Het LPGGz kan zich voorstellen dat er onderzoek plaatsvindt naar mogelijkheden om de sociale context
mee te wegen bij toegang tot de Wlz, maar alleen als dit inderdaad leidt tot een versterking van de positie
van cliënten en naastbetrokkenen. De naastbetrokkenen worden nu niet genoemd bij dit actiepunt van de
vernieuwingsagenda. Versterking van de positie houdt voor ons in: meer regie over de inhoud van zorg en
ondersteuning en over de context (thuis of instelling naar keuze) waar deze geleverd worden. Deze
2
voorwaarde is essentieel, want het betrekken van de sociale context bij toegang tot de Wlz zou ook kunnen
leiden tot verzwakking van de (rechts)positie van de cliënt en naastbetrokkenen.

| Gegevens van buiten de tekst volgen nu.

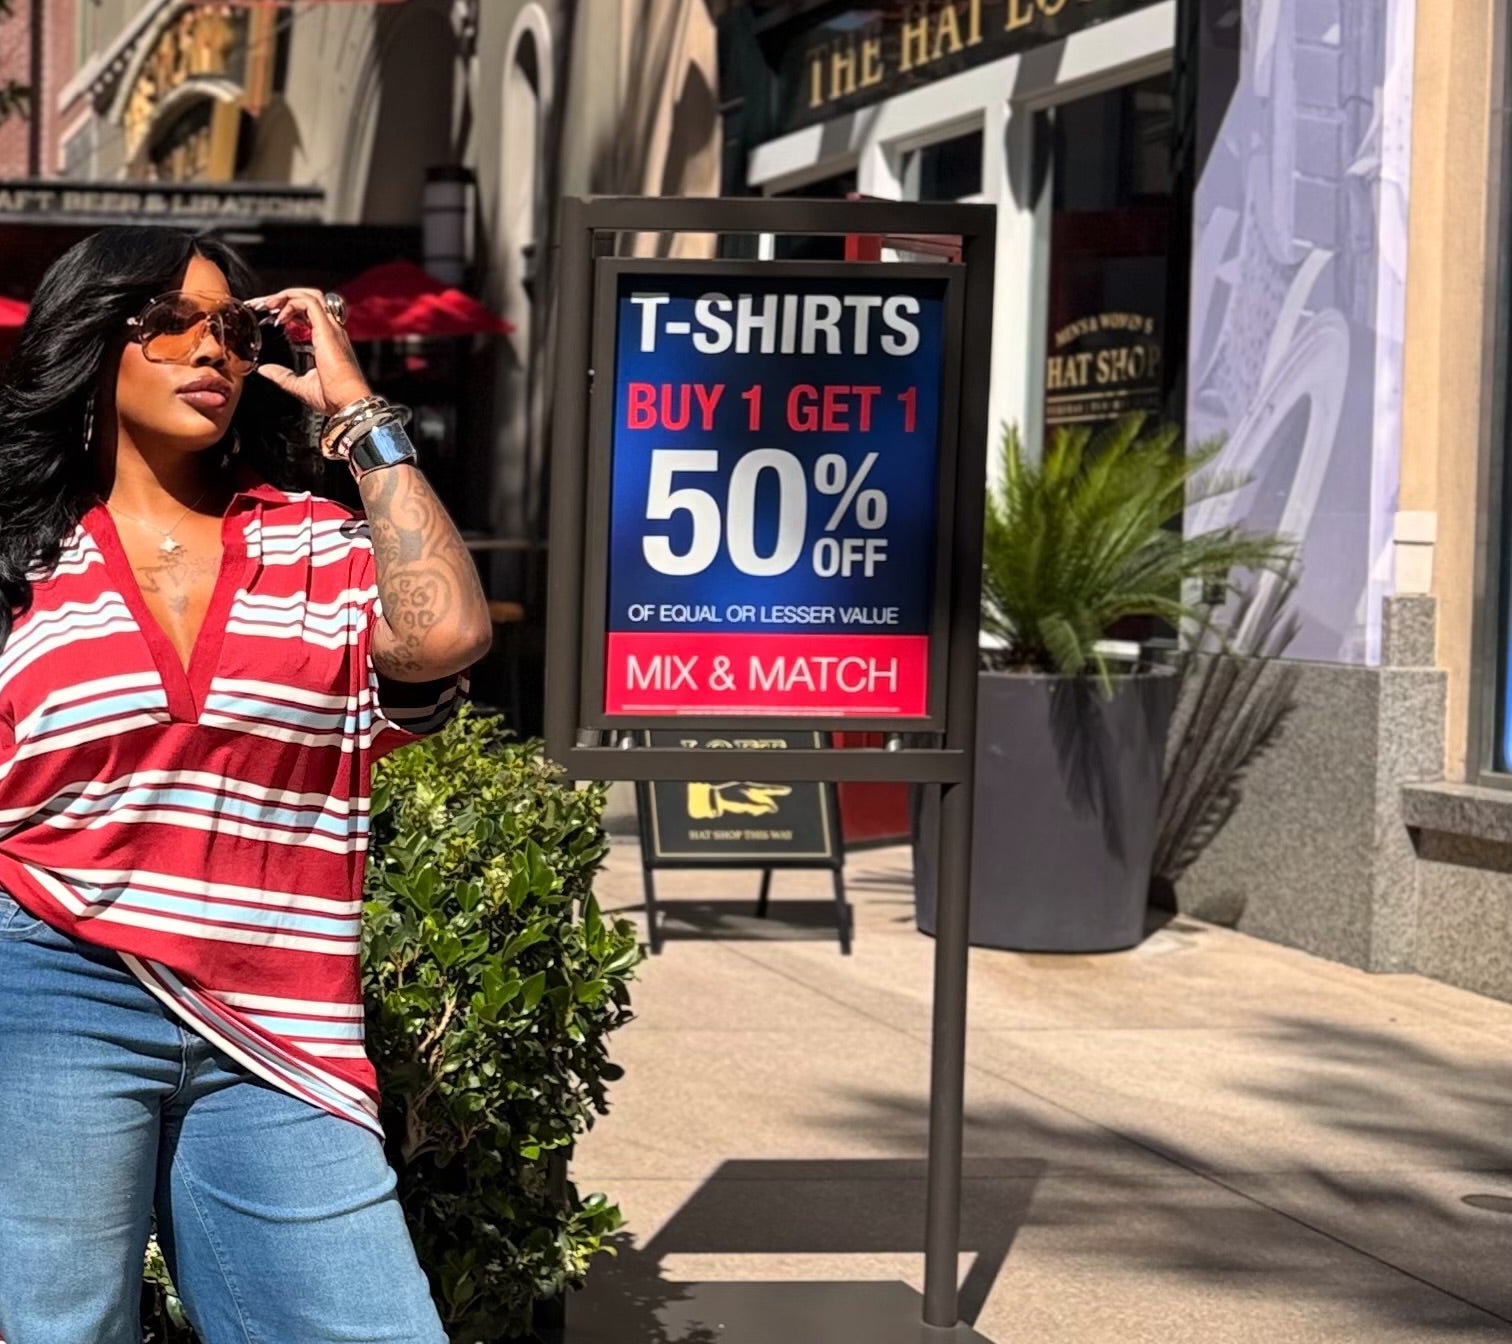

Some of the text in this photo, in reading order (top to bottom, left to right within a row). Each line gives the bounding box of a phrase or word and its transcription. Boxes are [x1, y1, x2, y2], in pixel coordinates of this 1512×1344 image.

[806, 35, 886, 108] THE
[61, 190, 141, 213] BEER
[629, 291, 921, 357] T-SHIRTS
[1047, 344, 1161, 390] HAT SHOP
[626, 382, 918, 433] BUY 1 GET 1
[641, 447, 889, 577] 50%
[811, 537, 889, 578] OFF
[627, 604, 900, 625] OF EQUAL OR LESSER VALUE
[625, 655, 898, 693] MIX & MATCH
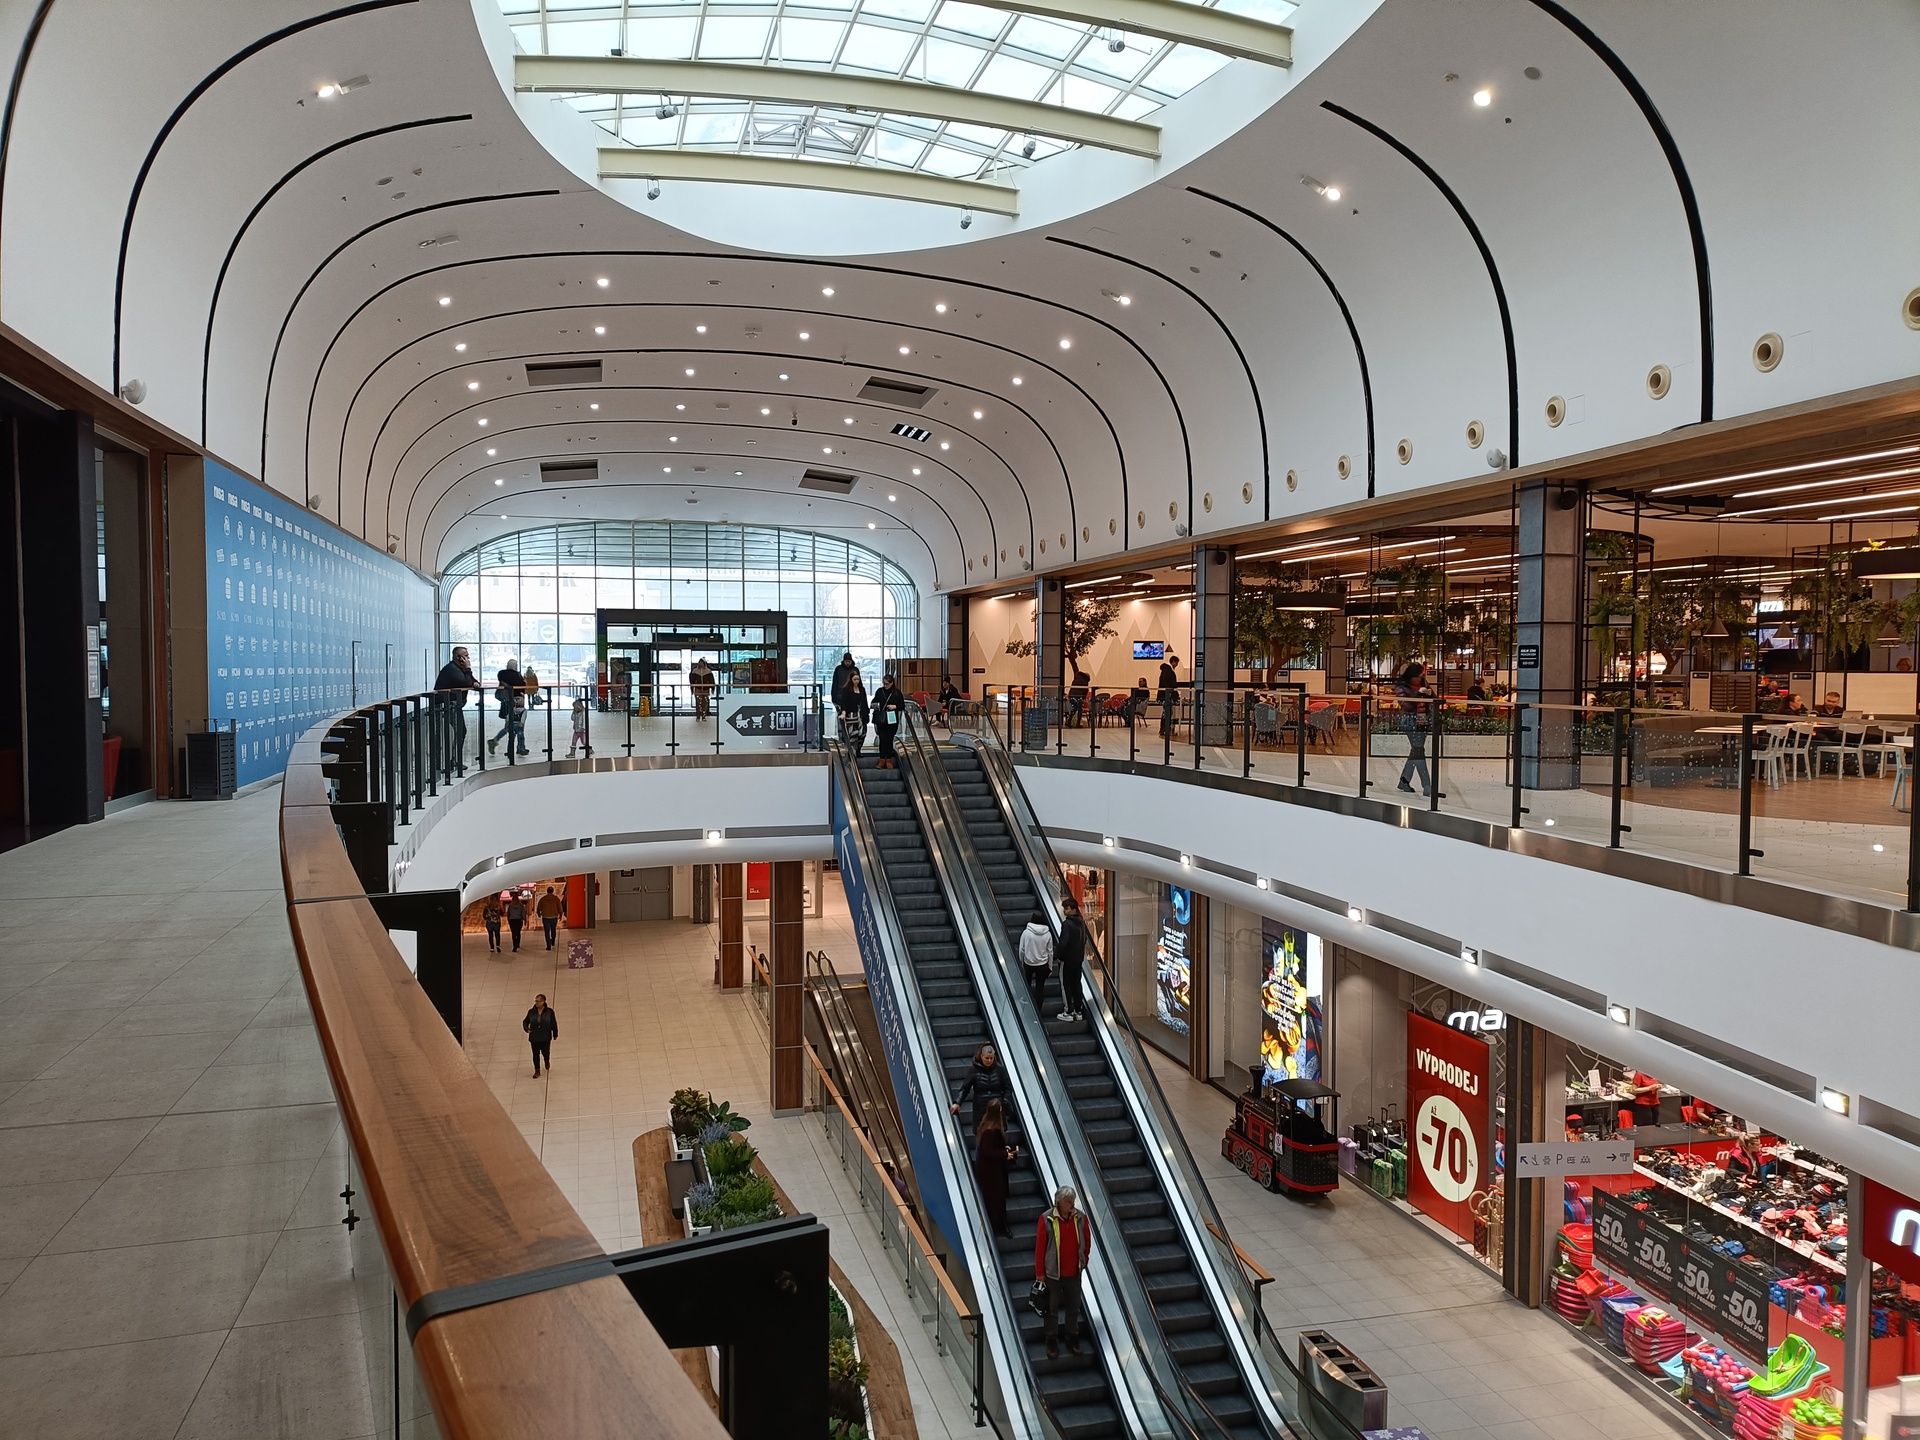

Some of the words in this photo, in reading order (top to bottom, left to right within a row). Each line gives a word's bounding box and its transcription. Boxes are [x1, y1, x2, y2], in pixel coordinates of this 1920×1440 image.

[884, 982, 902, 1051] novým
[902, 1050, 924, 1139] chutím.
[1416, 1048, 1479, 1096] VÝPRODEJ
[1422, 1115, 1467, 1185] -70
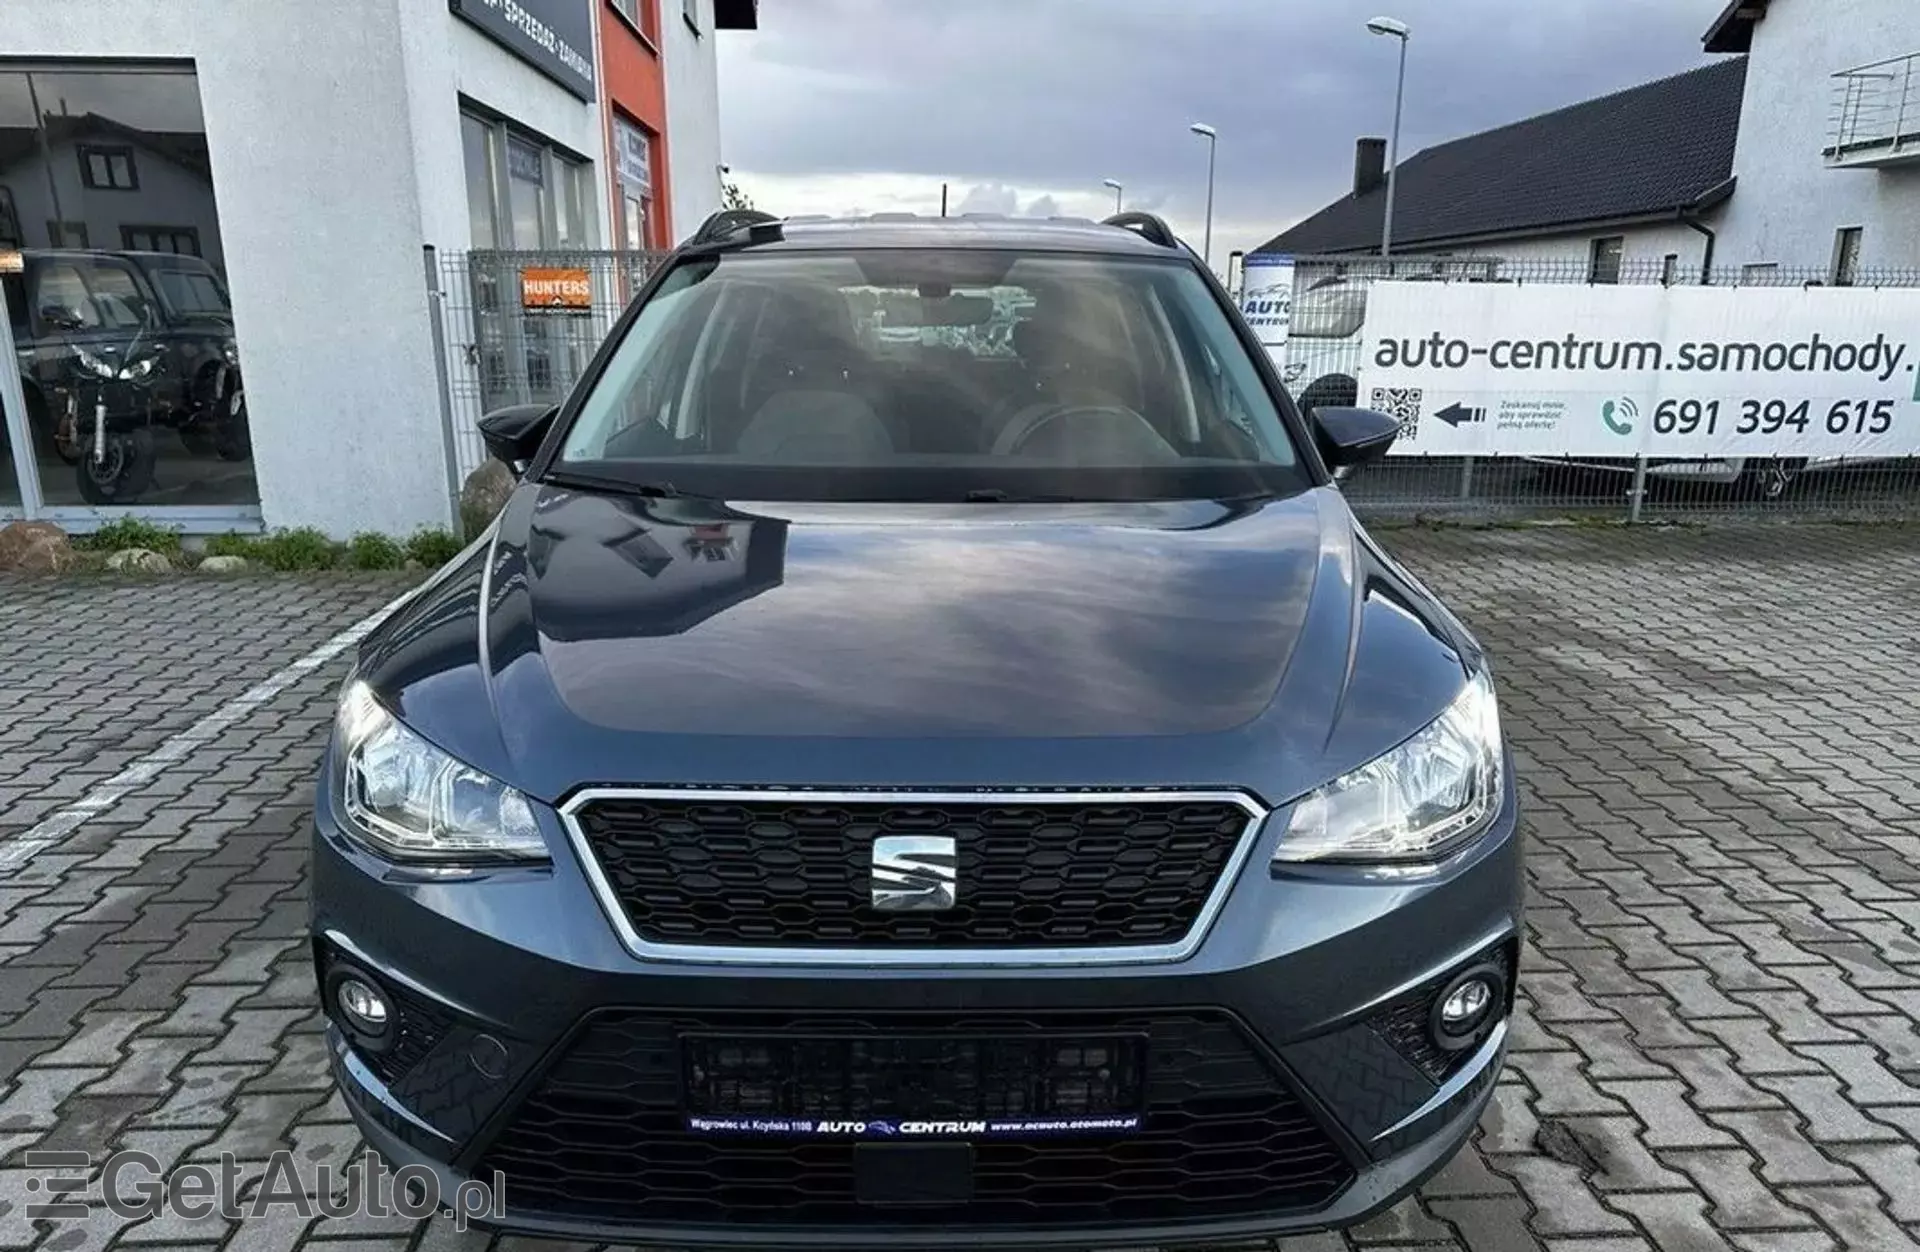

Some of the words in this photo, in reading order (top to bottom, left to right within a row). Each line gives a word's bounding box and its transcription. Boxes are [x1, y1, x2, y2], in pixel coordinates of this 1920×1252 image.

[523, 279, 590, 296] HUNTERS
[1653, 399, 1720, 436] 691
[1736, 399, 1811, 435] 394
[1826, 399, 1895, 435] 615
[817, 1121, 866, 1133] AUTO
[899, 1121, 986, 1133] CENTRUM
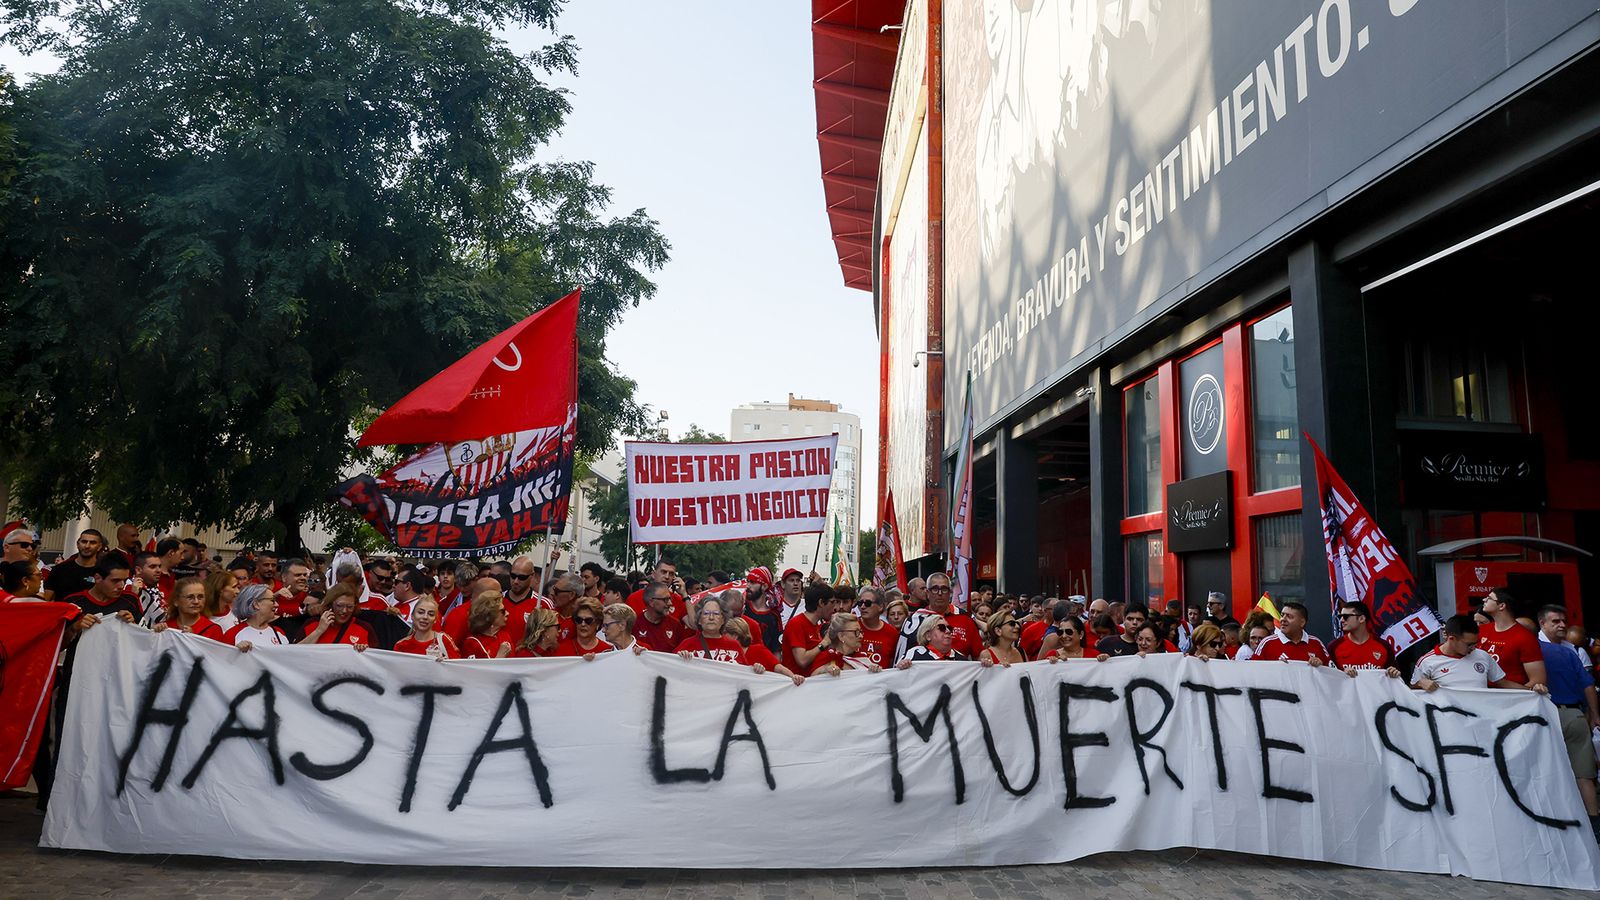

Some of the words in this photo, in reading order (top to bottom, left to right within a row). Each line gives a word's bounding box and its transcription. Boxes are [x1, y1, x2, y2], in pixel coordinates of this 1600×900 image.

Het LPGGz vindt versterking van de positie van de cliënt en naastbetrokkenen een absolute
voorwaarde voor het eventueel betrekken van de sociale context bij toegang tot de Wlz. Deze
voorwaarde zal in overleg met cliënt- en familieorganisaties ook nader geconcretiseerd moeten
worden.
Vernieuwingsagenda actiepunt 2: cliëntondersteuning
Een essentiële voorwaarde voor vraagsturing is de beschikbaarheid van onafhankelijke cliëntondersteuning.
In de vernieuwingsagenda staat dat ‘de inzet van cliëntondersteuning bij de overgang van domeinen moet
worden geïntensiveerd.’ Het LPGGz wijst in dit verband op een belangrijke lacune in de cliëntondersteuning.
ggz-cliënten die in een kliniek verblijven voor behandeling vallen de eerste drie jaar onder de
Zorgverzekeringswet (Zvw). Voor hen is geen onafhankelijke cliëntondersteuning beschikbaar. Zij staan wel
voor belangrijke keuzes als het gaat om het vervolg na hun klinische opname: Kom ik in aanmerking voor de
Wlz? Ga ik weer zelfstandig wonen of is beschermd wonen voor mij een optie? Hoe pak ik mijn leven straks
weer op als het gaat om huisvesting, werk of dagbesteding, inkomen, sociale contacten, enzovoort?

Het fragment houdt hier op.